Divergent Immune and Endothelial Responses to Insulin Resistance in Women with Polycystic Ovary Syndrome

Polycystic ovary syndrome (PCOS) is a heterogeneous endocrine–metabolic disorder commonly associated with insulin resistance and early cardiovascular dysfunction. Soluble CD40 ligand (sCD40L) and soluble E-selectin (sE-selectin) are circulating markers reflecting immune activation and endothelial stress, respectively. This cross-sectional study investigated 80 women with PCOS, stratified by central obesity (waist-to-height ratio, WHtR > 0.50 vs ≤ 0.50).
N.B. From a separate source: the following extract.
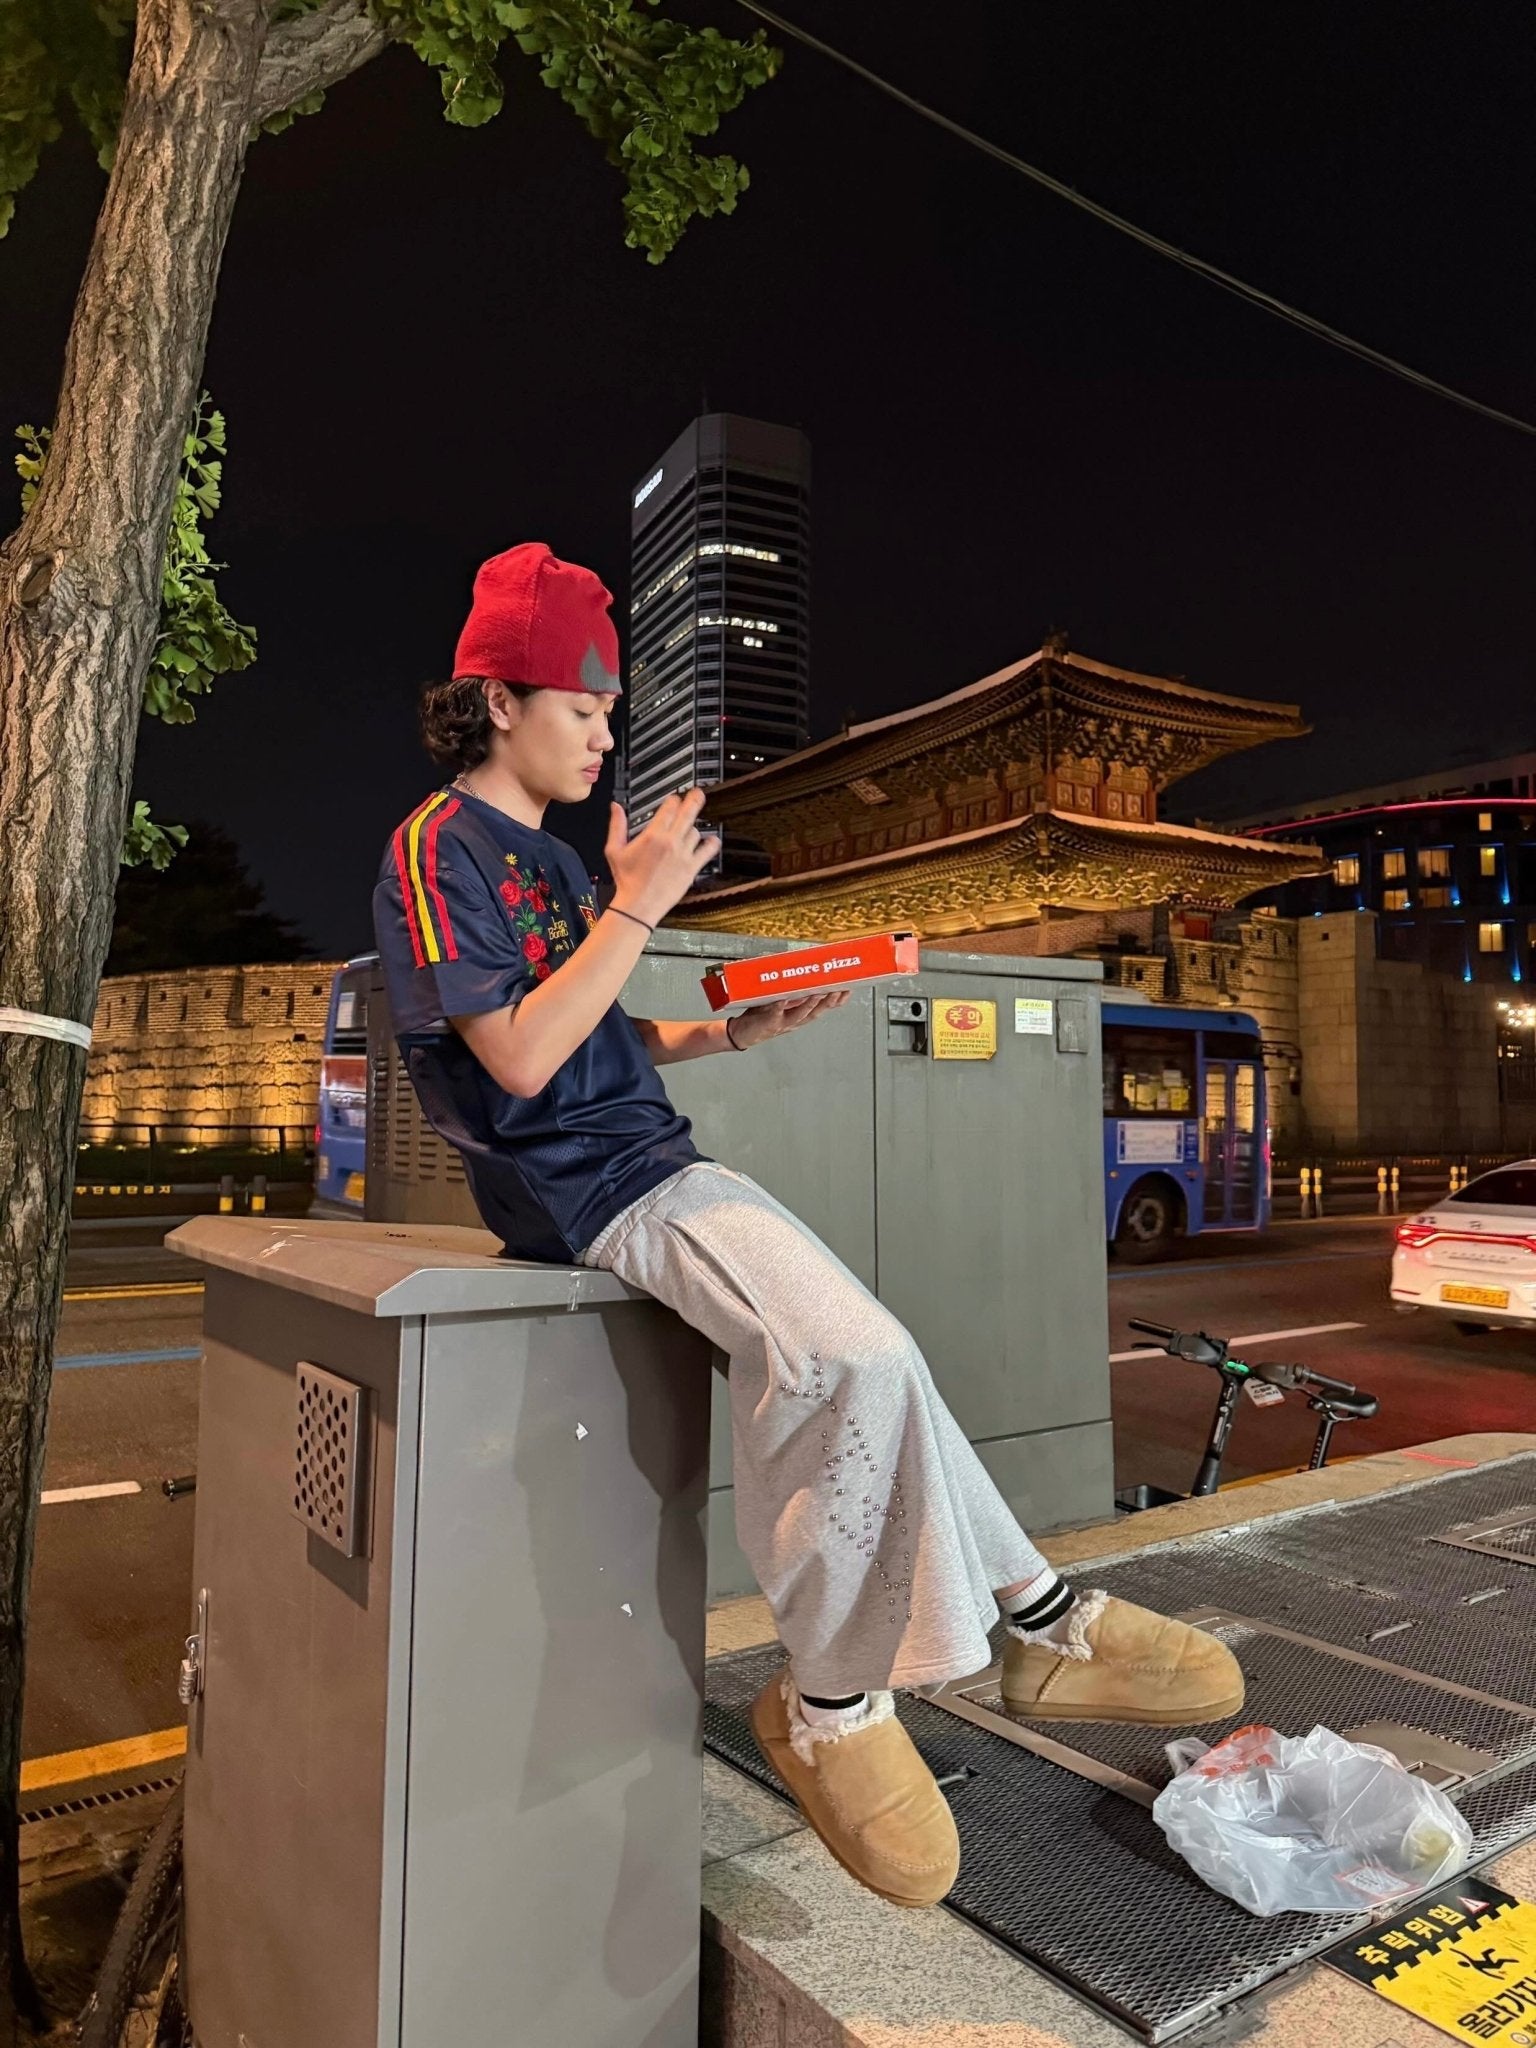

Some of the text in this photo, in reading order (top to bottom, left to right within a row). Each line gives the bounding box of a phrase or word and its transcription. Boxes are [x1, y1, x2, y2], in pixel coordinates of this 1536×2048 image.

[760, 955, 861, 982] no more pizza
While age and systemic inflammatory markers (TNF-α, IL-6) did not differ significantly between groups, centrally obese women exhibited higher fasting insulin, HOMA-IR, triglycerides, non-HDL cholesterol, systolic blood pressure, and sE-selectin, together with reduced HDL cholesterol. In multivariable models adjusted for age, body mass index (BMI) and waist circumference, fasting glucose independently predicted sCD40L (β = 0.27, p = 0.02), whereas fasting insulin was the strongest determinant of sE-selectin (β = 0.41, p < 0.001). These findings reveal divergent immune and endothelial responses to insulin resistance in PCOS, underscoring the potential utility of sCD40L and sE-selectin as complementary biomarkers for early cardiometabolic risk stratification and personalised management in affected women.